Every line of the material is to be repeated exactly as it stands.

+--

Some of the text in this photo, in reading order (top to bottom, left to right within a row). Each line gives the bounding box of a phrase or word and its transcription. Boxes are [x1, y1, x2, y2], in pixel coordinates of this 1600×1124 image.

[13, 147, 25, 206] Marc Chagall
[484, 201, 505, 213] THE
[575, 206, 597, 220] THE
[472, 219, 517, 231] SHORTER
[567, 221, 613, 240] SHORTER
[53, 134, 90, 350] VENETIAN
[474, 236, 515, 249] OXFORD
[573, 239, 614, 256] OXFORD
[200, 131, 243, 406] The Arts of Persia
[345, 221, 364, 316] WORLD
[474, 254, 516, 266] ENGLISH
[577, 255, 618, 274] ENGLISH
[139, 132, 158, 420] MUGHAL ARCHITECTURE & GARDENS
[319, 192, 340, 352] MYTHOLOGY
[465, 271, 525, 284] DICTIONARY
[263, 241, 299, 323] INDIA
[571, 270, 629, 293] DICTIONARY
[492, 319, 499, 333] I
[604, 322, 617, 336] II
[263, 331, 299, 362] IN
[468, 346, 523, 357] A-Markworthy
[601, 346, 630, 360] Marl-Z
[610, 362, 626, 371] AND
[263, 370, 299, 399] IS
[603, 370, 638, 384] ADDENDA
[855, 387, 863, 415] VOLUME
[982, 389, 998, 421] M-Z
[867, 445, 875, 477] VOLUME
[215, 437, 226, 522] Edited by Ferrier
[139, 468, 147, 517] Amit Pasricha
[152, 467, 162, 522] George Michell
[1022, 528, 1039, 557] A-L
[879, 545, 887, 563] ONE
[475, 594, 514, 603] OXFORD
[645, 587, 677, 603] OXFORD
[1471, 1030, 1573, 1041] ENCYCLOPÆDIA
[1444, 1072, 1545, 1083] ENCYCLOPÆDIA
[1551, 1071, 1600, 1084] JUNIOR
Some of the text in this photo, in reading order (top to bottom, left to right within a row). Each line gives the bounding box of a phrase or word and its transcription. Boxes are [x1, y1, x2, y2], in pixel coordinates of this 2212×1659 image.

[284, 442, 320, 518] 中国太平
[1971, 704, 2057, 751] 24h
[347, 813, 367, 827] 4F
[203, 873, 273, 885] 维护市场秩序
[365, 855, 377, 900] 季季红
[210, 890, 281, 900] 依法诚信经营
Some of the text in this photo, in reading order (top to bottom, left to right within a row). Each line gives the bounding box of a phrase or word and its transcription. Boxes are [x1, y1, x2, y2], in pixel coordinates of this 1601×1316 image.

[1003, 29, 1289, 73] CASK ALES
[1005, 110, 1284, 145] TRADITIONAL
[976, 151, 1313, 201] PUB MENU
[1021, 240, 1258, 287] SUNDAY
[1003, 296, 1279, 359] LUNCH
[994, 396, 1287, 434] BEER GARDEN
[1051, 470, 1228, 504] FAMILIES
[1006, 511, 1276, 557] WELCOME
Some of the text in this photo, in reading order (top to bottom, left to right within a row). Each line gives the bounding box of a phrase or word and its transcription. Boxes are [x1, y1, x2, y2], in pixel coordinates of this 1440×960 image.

+--

RESULT FOR THIS TASK =>
Some of the text in this photo, in reading order (top to bottom, left to right within a row). Each line gives the bounding box of a phrase or word and its transcription. Boxes are [x1, y1, x2, y2], in pixel coordinates of this 1600×1124 image.

[13, 147, 25, 206] Marc Chagall
[484, 201, 505, 213] THE
[575, 206, 597, 220] THE
[472, 219, 517, 231] SHORTER
[567, 221, 613, 240] SHORTER
[53, 134, 90, 350] VENETIAN
[474, 236, 515, 249] OXFORD
[573, 239, 614, 256] OXFORD
[200, 131, 243, 406] The Arts of Persia
[345, 221, 364, 316] WORLD
[474, 254, 516, 266] ENGLISH
[577, 255, 618, 274] ENGLISH
[139, 132, 158, 420] MUGHAL ARCHITECTURE & GARDENS
[319, 192, 340, 352] MYTHOLOGY
[465, 271, 525, 284] DICTIONARY
[263, 241, 299, 323] INDIA
[571, 270, 629, 293] DICTIONARY
[492, 319, 499, 333] I
[604, 322, 617, 336] II
[263, 331, 299, 362] IN
[468, 346, 523, 357] A-Markworthy
[601, 346, 630, 360] Marl-Z
[610, 362, 626, 371] AND
[263, 370, 299, 399] IS
[603, 370, 638, 384] ADDENDA
[855, 387, 863, 415] VOLUME
[982, 389, 998, 421] M-Z
[867, 445, 875, 477] VOLUME
[215, 437, 226, 522] Edited by Ferrier
[139, 468, 147, 517] Amit Pasricha
[152, 467, 162, 522] George Michell
[1022, 528, 1039, 557] A-L
[879, 545, 887, 563] ONE
[475, 594, 514, 603] OXFORD
[645, 587, 677, 603] OXFORD
[1471, 1030, 1573, 1041] ENCYCLOPÆDIA
[1444, 1072, 1545, 1083] ENCYCLOPÆDIA
[1551, 1071, 1600, 1084] JUNIOR
Some of the text in this photo, in reading order (top to bottom, left to right within a row). Each line gives the bounding box of a phrase or word and its transcription. Boxes are [x1, y1, x2, y2], in pixel coordinates of this 2212×1659 image.

[284, 442, 320, 518] 中国太平
[1971, 704, 2057, 751] 24h
[347, 813, 367, 827] 4F
[203, 873, 273, 885] 维护市场秩序
[365, 855, 377, 900] 季季红
[210, 890, 281, 900] 依法诚信经营
Some of the text in this photo, in reading order (top to bottom, left to right within a row). Each line gives the bounding box of a phrase or word and its transcription. Boxes are [x1, y1, x2, y2], in pixel coordinates of this 1601×1316 image.

[1003, 29, 1289, 73] CASK ALES
[1005, 110, 1284, 145] TRADITIONAL
[976, 151, 1313, 201] PUB MENU
[1021, 240, 1258, 287] SUNDAY
[1003, 296, 1279, 359] LUNCH
[994, 396, 1287, 434] BEER GARDEN
[1051, 470, 1228, 504] FAMILIES
[1006, 511, 1276, 557] WELCOME
Some of the text in this photo, in reading order (top to bottom, left to right within a row). Each line gives the bounding box of a phrase or word and its transcription. Boxes are [x1, y1, x2, y2], in pixel coordinates of this 1440×960 image.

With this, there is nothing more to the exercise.